Dataset entries:

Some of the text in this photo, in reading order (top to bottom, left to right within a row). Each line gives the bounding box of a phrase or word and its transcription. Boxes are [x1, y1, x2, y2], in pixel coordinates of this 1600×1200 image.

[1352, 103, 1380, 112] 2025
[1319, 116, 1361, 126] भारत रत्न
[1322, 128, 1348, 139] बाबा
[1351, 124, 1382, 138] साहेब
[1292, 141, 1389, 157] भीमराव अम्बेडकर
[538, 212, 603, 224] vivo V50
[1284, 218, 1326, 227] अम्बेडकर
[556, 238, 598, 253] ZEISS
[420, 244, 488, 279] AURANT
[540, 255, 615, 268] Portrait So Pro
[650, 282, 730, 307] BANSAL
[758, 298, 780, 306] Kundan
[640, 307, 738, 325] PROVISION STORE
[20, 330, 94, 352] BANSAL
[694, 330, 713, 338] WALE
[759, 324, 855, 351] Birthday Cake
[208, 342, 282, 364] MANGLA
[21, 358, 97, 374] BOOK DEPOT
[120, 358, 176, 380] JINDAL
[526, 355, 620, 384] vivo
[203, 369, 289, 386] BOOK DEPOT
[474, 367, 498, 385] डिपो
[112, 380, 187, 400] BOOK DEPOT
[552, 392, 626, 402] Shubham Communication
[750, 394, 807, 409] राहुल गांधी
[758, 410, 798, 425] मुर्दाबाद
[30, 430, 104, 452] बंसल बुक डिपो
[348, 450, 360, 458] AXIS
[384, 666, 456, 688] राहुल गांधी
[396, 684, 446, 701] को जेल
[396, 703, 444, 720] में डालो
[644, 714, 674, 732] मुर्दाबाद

TASK GOAL » Word for word, restate the lines above.

RESPONSE »
Some of the text in this photo, in reading order (top to bottom, left to right within a row). Each line gives the bounding box of a phrase or word and its transcription. Boxes are [x1, y1, x2, y2], in pixel coordinates of this 1600×1200 image.

[1352, 103, 1380, 112] 2025
[1319, 116, 1361, 126] भारत रत्न
[1322, 128, 1348, 139] बाबा
[1351, 124, 1382, 138] साहेब
[1292, 141, 1389, 157] भीमराव अम्बेडकर
[538, 212, 603, 224] vivo V50
[1284, 218, 1326, 227] अम्बेडकर
[556, 238, 598, 253] ZEISS
[420, 244, 488, 279] AURANT
[540, 255, 615, 268] Portrait So Pro
[650, 282, 730, 307] BANSAL
[758, 298, 780, 306] Kundan
[640, 307, 738, 325] PROVISION STORE
[20, 330, 94, 352] BANSAL
[694, 330, 713, 338] WALE
[759, 324, 855, 351] Birthday Cake
[208, 342, 282, 364] MANGLA
[21, 358, 97, 374] BOOK DEPOT
[120, 358, 176, 380] JINDAL
[526, 355, 620, 384] vivo
[203, 369, 289, 386] BOOK DEPOT
[474, 367, 498, 385] डिपो
[112, 380, 187, 400] BOOK DEPOT
[552, 392, 626, 402] Shubham Communication
[750, 394, 807, 409] राहुल गांधी
[758, 410, 798, 425] मुर्दाबाद
[30, 430, 104, 452] बंसल बुक डिपो
[348, 450, 360, 458] AXIS
[384, 666, 456, 688] राहुल गांधी
[396, 684, 446, 701] को जेल
[396, 703, 444, 720] में डालो
[644, 714, 674, 732] मुर्दाबाद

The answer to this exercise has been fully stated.